[Spatial localization data]

● ● ●

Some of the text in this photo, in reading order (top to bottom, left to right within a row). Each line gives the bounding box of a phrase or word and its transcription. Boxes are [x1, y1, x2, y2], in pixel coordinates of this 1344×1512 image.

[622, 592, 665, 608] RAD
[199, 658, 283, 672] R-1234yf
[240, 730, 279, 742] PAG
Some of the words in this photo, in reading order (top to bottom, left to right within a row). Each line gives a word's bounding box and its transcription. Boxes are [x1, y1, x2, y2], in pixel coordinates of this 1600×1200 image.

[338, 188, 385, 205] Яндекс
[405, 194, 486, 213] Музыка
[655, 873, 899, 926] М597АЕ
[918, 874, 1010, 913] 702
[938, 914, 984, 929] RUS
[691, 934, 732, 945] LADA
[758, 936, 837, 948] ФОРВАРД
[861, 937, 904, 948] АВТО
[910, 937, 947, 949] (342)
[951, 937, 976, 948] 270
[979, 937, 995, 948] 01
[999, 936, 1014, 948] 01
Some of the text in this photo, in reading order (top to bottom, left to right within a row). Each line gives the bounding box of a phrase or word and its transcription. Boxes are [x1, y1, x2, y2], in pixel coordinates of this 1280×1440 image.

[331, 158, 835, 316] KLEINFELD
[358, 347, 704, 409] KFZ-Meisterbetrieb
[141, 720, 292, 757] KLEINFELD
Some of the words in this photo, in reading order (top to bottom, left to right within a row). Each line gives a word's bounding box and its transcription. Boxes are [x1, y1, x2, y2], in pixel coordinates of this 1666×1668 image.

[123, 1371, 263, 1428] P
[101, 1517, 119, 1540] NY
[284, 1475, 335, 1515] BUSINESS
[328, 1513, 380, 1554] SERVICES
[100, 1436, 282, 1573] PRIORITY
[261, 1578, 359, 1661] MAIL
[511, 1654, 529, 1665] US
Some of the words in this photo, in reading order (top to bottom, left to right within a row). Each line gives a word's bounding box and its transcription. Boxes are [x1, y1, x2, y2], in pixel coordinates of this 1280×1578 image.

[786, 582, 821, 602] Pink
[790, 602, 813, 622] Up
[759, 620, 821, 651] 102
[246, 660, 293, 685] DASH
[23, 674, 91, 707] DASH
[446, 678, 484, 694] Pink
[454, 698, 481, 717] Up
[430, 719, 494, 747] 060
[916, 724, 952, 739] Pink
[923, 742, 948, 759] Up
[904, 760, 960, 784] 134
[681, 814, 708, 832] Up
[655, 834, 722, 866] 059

● ● ●

• [Your instructions]:
Transcribe exactly, please, the lines from the one with "this 1600×1200 image." to the last line of the entries above, ends included.

• [Answer to this problem]:
Some of the words in this photo, in reading order (top to bottom, left to right within a row). Each line gives a word's bounding box and its transcription. Boxes are [x1, y1, x2, y2], in pixel coordinates of this 1600×1200 image.

[338, 188, 385, 205] Яндекс
[405, 194, 486, 213] Музыка
[655, 873, 899, 926] М597АЕ
[918, 874, 1010, 913] 702
[938, 914, 984, 929] RUS
[691, 934, 732, 945] LADA
[758, 936, 837, 948] ФОРВАРД
[861, 937, 904, 948] АВТО
[910, 937, 947, 949] (342)
[951, 937, 976, 948] 270
[979, 937, 995, 948] 01
[999, 936, 1014, 948] 01
Some of the text in this photo, in reading order (top to bottom, left to right within a row). Each line gives the bounding box of a phrase or word and its transcription. Boxes are [x1, y1, x2, y2], in pixel coordinates of this 1280×1440 image.

[331, 158, 835, 316] KLEINFELD
[358, 347, 704, 409] KFZ-Meisterbetrieb
[141, 720, 292, 757] KLEINFELD
Some of the words in this photo, in reading order (top to bottom, left to right within a row). Each line gives a word's bounding box and its transcription. Boxes are [x1, y1, x2, y2], in pixel coordinates of this 1666×1668 image.

[123, 1371, 263, 1428] P
[101, 1517, 119, 1540] NY
[284, 1475, 335, 1515] BUSINESS
[328, 1513, 380, 1554] SERVICES
[100, 1436, 282, 1573] PRIORITY
[261, 1578, 359, 1661] MAIL
[511, 1654, 529, 1665] US
Some of the words in this photo, in reading order (top to bottom, left to right within a row). Each line gives a word's bounding box and its transcription. Boxes are [x1, y1, x2, y2], in pixel coordinates of this 1280×1578 image.

[786, 582, 821, 602] Pink
[790, 602, 813, 622] Up
[759, 620, 821, 651] 102
[246, 660, 293, 685] DASH
[23, 674, 91, 707] DASH
[446, 678, 484, 694] Pink
[454, 698, 481, 717] Up
[430, 719, 494, 747] 060
[916, 724, 952, 739] Pink
[923, 742, 948, 759] Up
[904, 760, 960, 784] 134
[681, 814, 708, 832] Up
[655, 834, 722, 866] 059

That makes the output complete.